Are there any research of fracture in metals in vaccum?5 answersFracture in metals in vacuum has been the subject of research. Wciślik and Lipiec conducted a literature review on the development of microvoids in metals, leading to ductile fracture associated with plastic deformation. Niwa et al. examined the atomic structure of copper during the fracture process on the nanosecond scale using X-ray absorption spectroscopy and X-ray diffraction. Buravova et al. experimentally modeled the dynamic fracture of a metal and observed the formation of a channel-like crack under the contact zone. Therefore, research has been conducted to understand the fracture behavior of metals in vacuum, including the development of microvoids, changes in atomic structure, and the formation of cracks.
Four-point bending strength of superalloys?3 answersThe four-point bending strength of superalloys has been studied in several papers.
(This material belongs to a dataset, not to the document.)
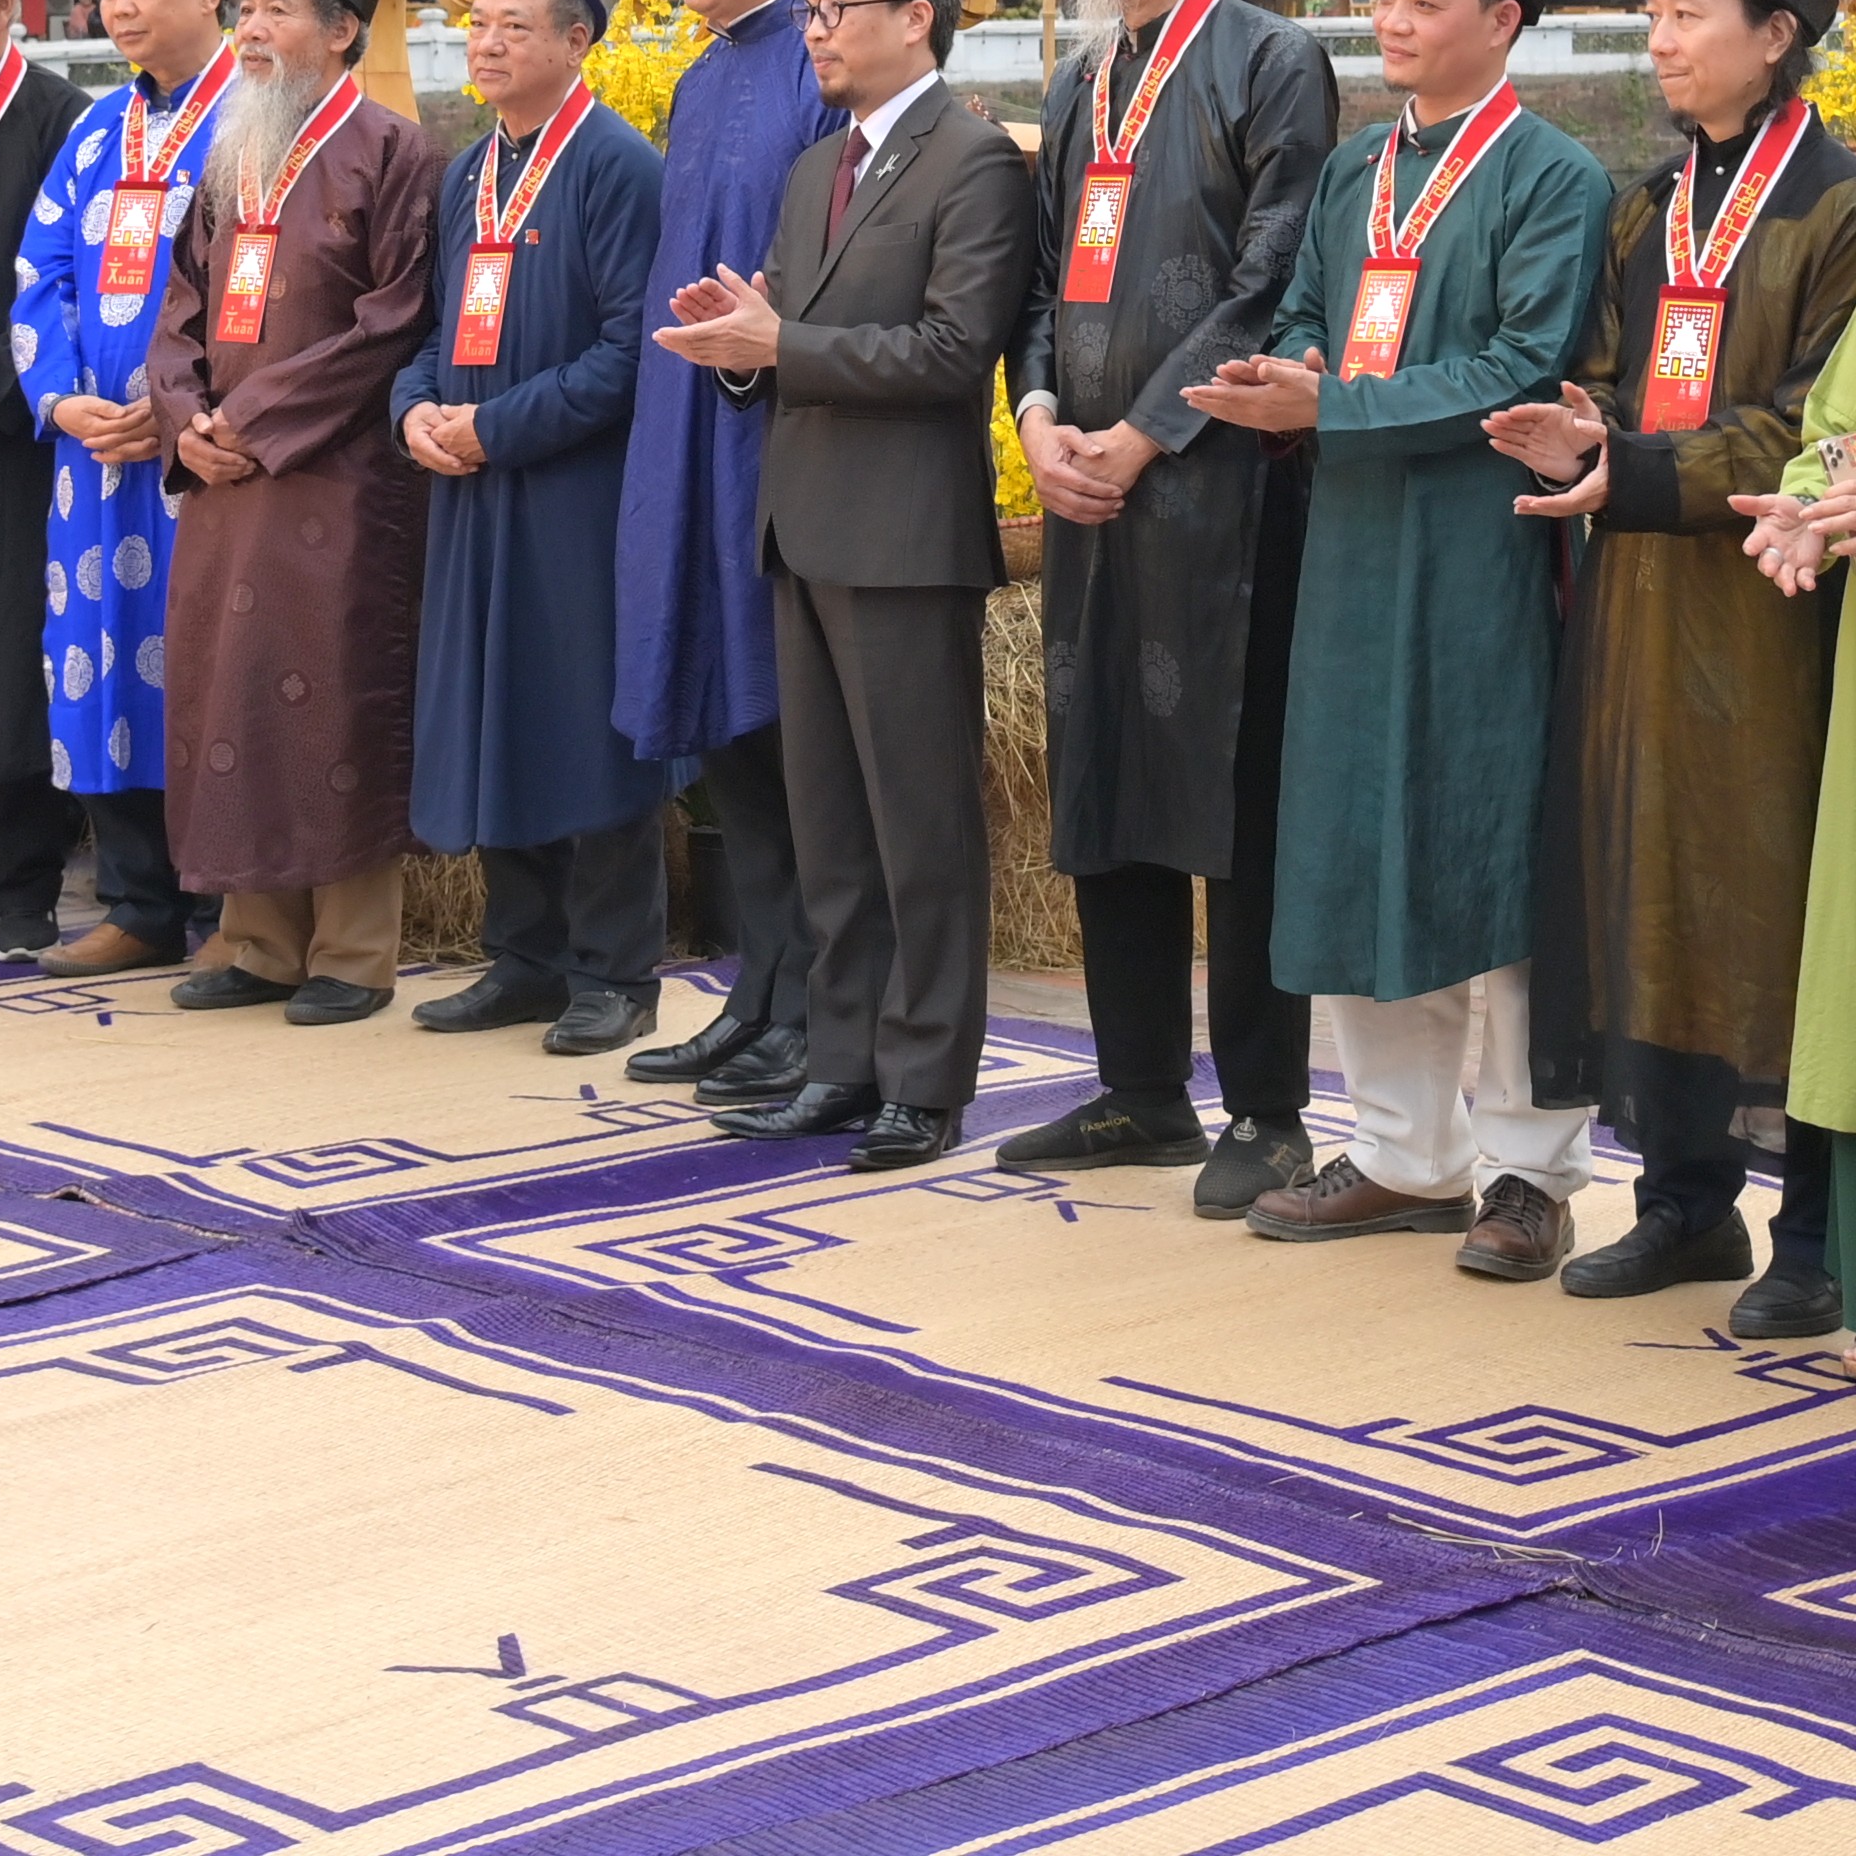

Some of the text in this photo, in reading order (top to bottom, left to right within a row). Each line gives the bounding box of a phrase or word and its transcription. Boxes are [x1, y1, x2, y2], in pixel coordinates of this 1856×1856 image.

Lee found that the average four-point bending strength of Si3N4/Inconel 600 alloy joints was 344 MPa. Parthasarathy and Rao developed a numerical model to predict the yield strength of superalloys, including the four-point bending strength. They used a physics-based discrete dislocation simulation model to build a fast spreadsheet model that accurately predicted the yield strength based on composition and microstructural parameters. The model was compared to experimental data and showed good correspondence. These studies highlight the importance of understanding the four-point bending strength of superalloys for various applications.